--- TASK DESCRIPTION ---
Could you return each entry below exactly as written, minus any pictures?

** Opening MATERIAL PROVIDED block **

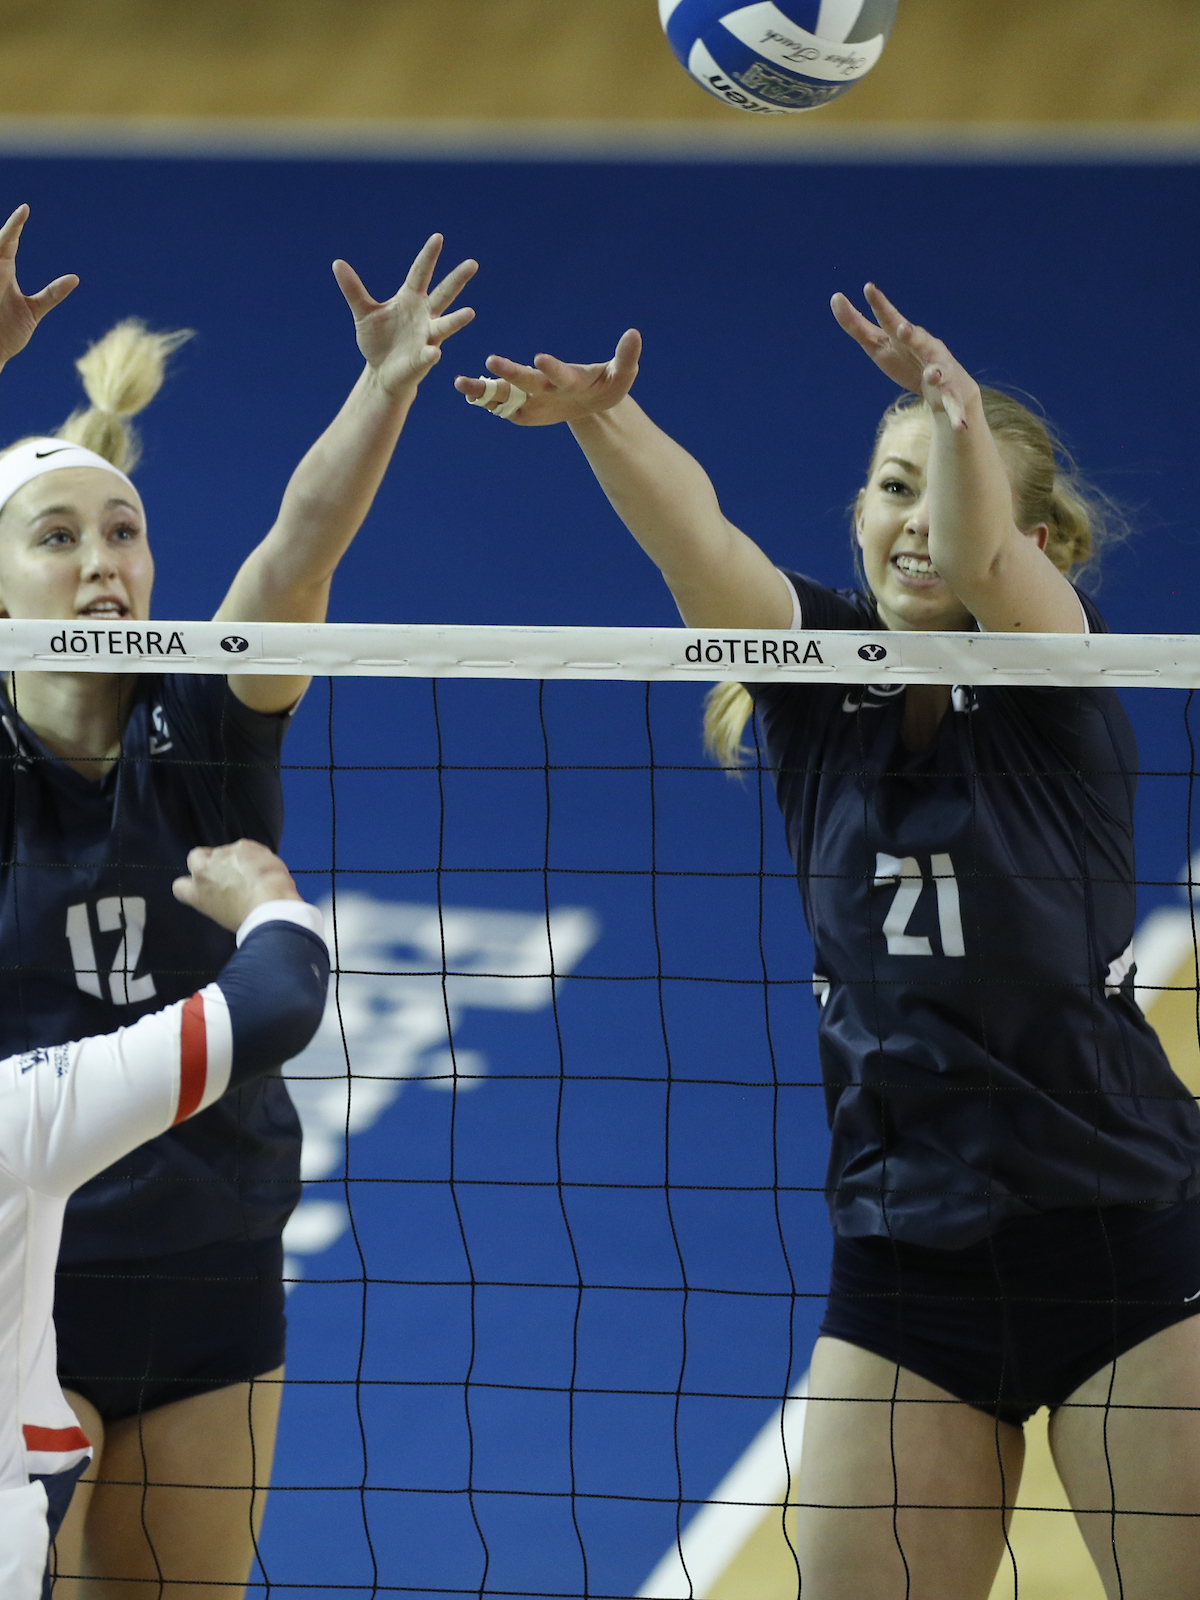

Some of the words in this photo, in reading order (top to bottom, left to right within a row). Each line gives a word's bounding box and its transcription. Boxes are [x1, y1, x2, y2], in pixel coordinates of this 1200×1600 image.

[758, 28, 821, 63] Touch
[708, 75, 786, 114] lten
[873, 852, 966, 957] 21
[65, 896, 157, 1005] 12

** Closing MATERIAL PROVIDED block **

--- EXERCISE SOLUTION ---
Some of the words in this photo, in reading order (top to bottom, left to right within a row). Each line gives a word's bounding box and its transcription. Boxes are [x1, y1, x2, y2], in pixel coordinates of this 1200×1600 image.

[758, 28, 821, 63] Touch
[708, 75, 786, 114] lten
[873, 852, 966, 957] 21
[65, 896, 157, 1005] 12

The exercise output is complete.